A Netflix retira-se da disputa pela Warner Bros. Discovery após uma proposta “superior” da Paramount Global
A Netflix decidiu não melhorar a sua oferta pelos ativos de streaming e de estúdio da Warner Bros. Discovery (WBD), depois de a empresa ter considerado “superior” a proposta revista da Paramount Global (Paramount Skydance). Num comunicado assinado pelos co-CEOs Ted Sarandos e Greg Peters, a companhia afirma que igualar o novo preço deixaria de fazer sentido económico e, por isso, opta por não continuar na corrida.
A decisão surge após o anúncio da WBD de que a proposta da Paramount — uma oferta totalmente em numerário de 31 dólares por ação — superava os termos do acordo previamente negociado pela Netflix. Segundo a WBD, o conselho de administração tomou a decisão após consulta a assessores financeiros e jurídicos independentes e notificou formalmente a Netflix, ativando uma janela de quatro dias úteis para igualar os termos.
A Netflix, contudo, escolheu retirar-se. Na sua declaração, Sarandos e Peters afirmam que a transação seria “desejável” apenas “ao preço adequado”, mas não uma prioridade “a qualquer preço”. Agradecem ainda à WBD pela condução de um processo “justo e rigoroso” e sublinham que a proposta apresentada pela Netflix, segundo a empresa, oferecia um caminho claro para aprovação regulatória.
Nos mercados, a reação foi positiva: as ações da Netflix subiram cerca de 10% após se saber que não iria aumentar a oferta. A empresa aproveita o comunicado para reforçar a mensagem aos investidores, afirmando que o seu negócio “é saudável, forte e cresce organicamente”. Antecipou também um investimento de aproximadamente 20 mil milhões de dólares este ano em filmes e séries, bem como a retoma do programa de recompra de ações, em linha com a sua política de alocação de capital.
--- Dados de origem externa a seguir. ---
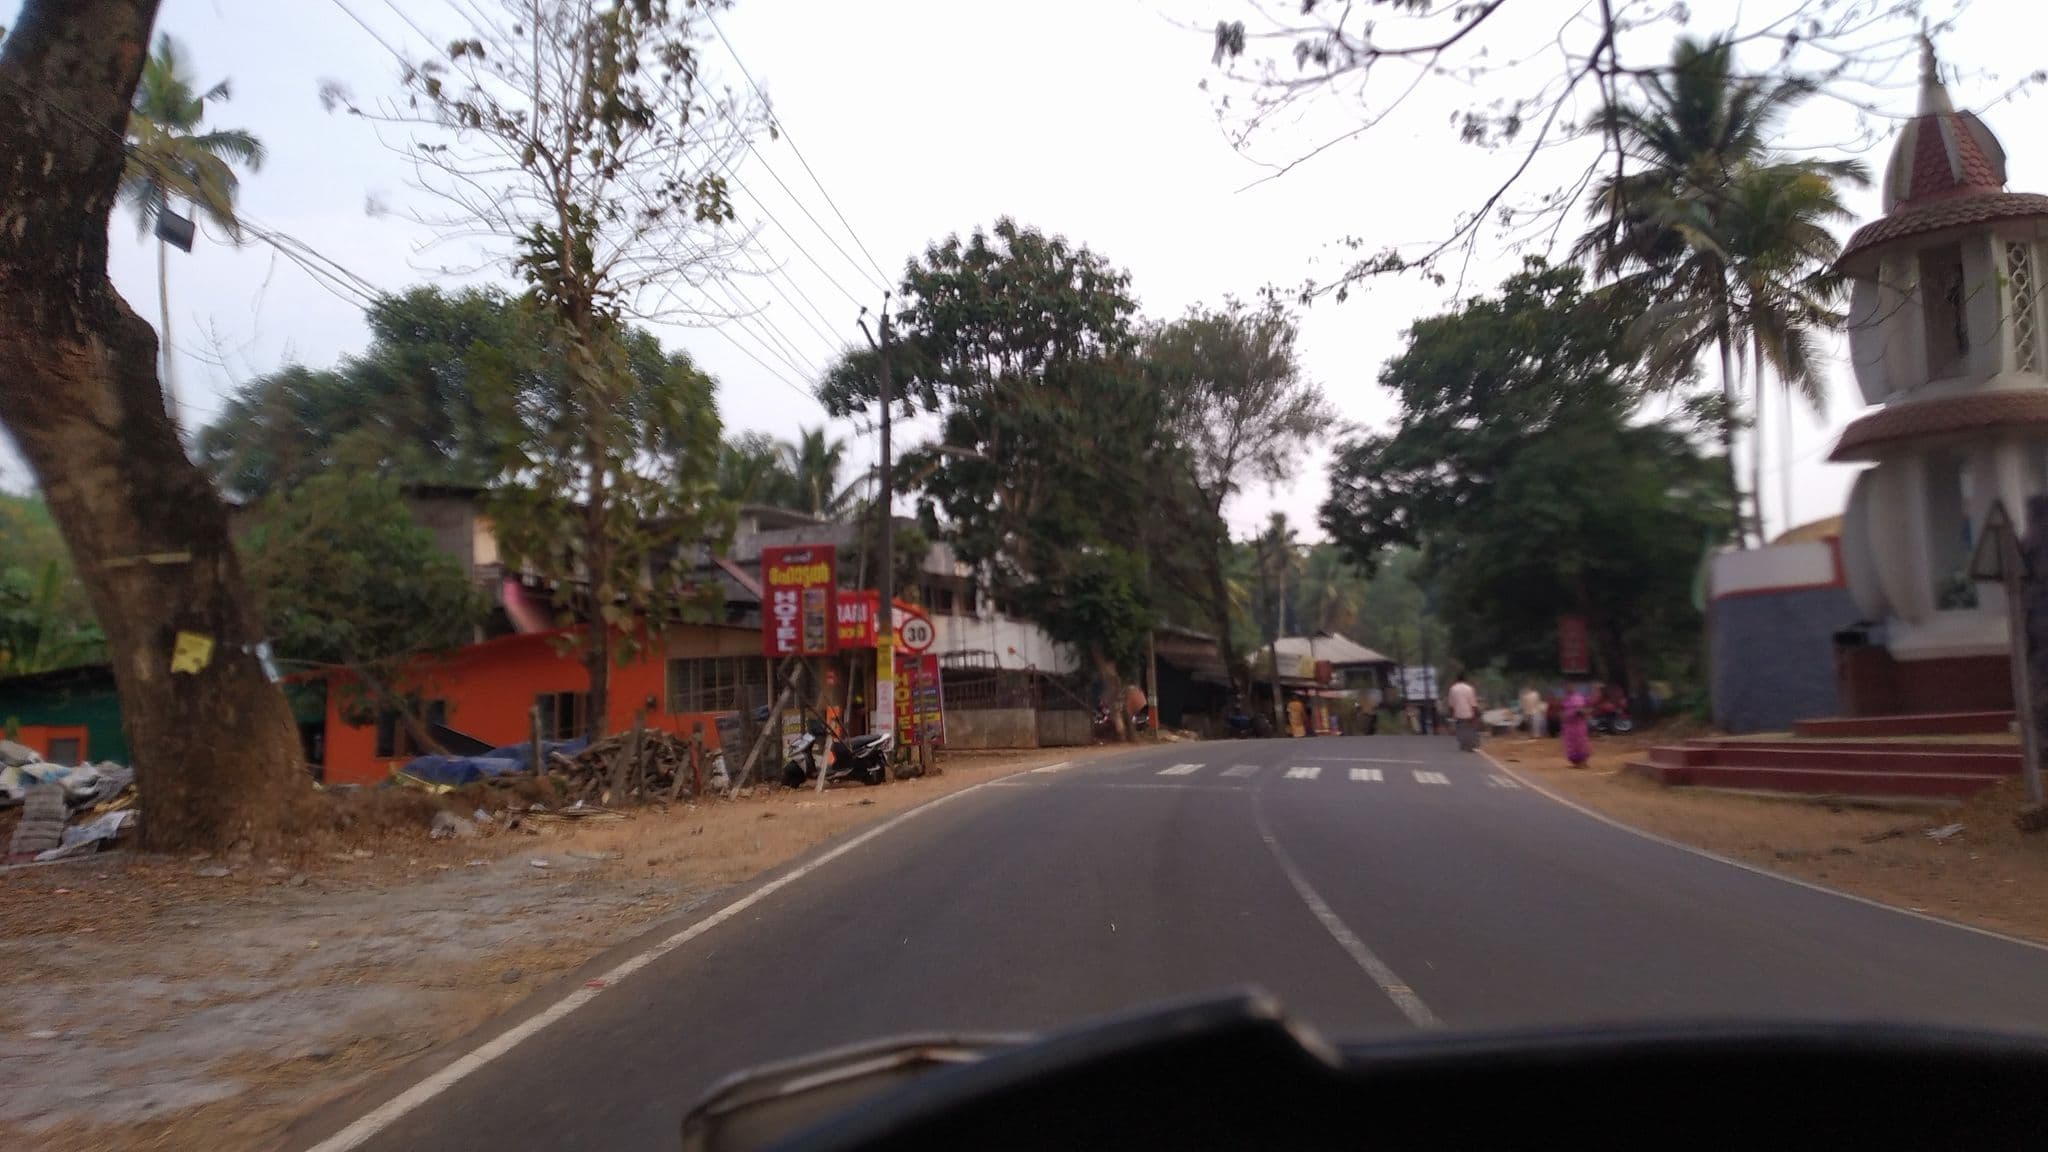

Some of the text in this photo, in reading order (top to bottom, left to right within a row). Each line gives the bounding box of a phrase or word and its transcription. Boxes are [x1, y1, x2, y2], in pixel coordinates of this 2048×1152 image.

Com a Netflix fora da disputa, a WBD avança com a proposta da Paramount, que inclui mecanismos adicionais para reforçar a atratividade e reduzir incerteza. Além dos 31 dólares por ação em numerário, o pacote contempla um “ticking fee” diário equivalente a 0,25 dólares por ação por trimestre a partir de 30 de setembro de 2026, bem como uma penalização de 7 mil milhões de dólares que a Paramount pagaria caso a operação não ultrapasse o processo regulatório. O acordo prevê ainda que a Paramount assuma o custo da indemnização de 2,8 mil milhões de dólares que a WBD teria de pagar à Netflix pela cessação do acordo existente.
Durante a apresentação de resultados, o CEO da WBD, David Zaslav, sublinhou que qualquer operação seria avaliada com base em dois critérios: maximizar o valor e minimizar o risco de queda. Acrescentou que o conselho está a liderar um processo de venda “altamente competitivo”.
A Netflix tinha revisto a sua proposta em janeiro, elevando-a para uma oferta integralmente em numerário avaliada em 72 mil milhões de dólares, correspondentes a 27,75 dólares por ação da WBD. Com a subida da contraoferta da Paramount, o espaço para novas escaladas de preço tornou-se mais reduzido, num contexto em que o mercado acompanhou de perto o impacto da disputa nas cotações das empresas envolvidas.
Analistas citados no acompanhamento do processo indicavam que os investidores poderiam mostrar resistência a uma nova subida de preço e alertavam que a retirada da Netflix obrigaria a Paramount a assumir um custo superior ao inicialmente previsto. Ao mesmo tempo, sublinhava-se que, para além do encaixe estratégico, existia um componente reputacional e simbólico associado à marca HBO enquanto ativo icónico no universo da WBD.
Por agora, o capítulo fica encerrado: a Netflix afasta-se, a WBD inclina-se para a proposta “superior” da Paramount e o foco passa para a execução do acordo e para o desafio regulatório que determinará se a operação poderá ser concluída nos termos propostos.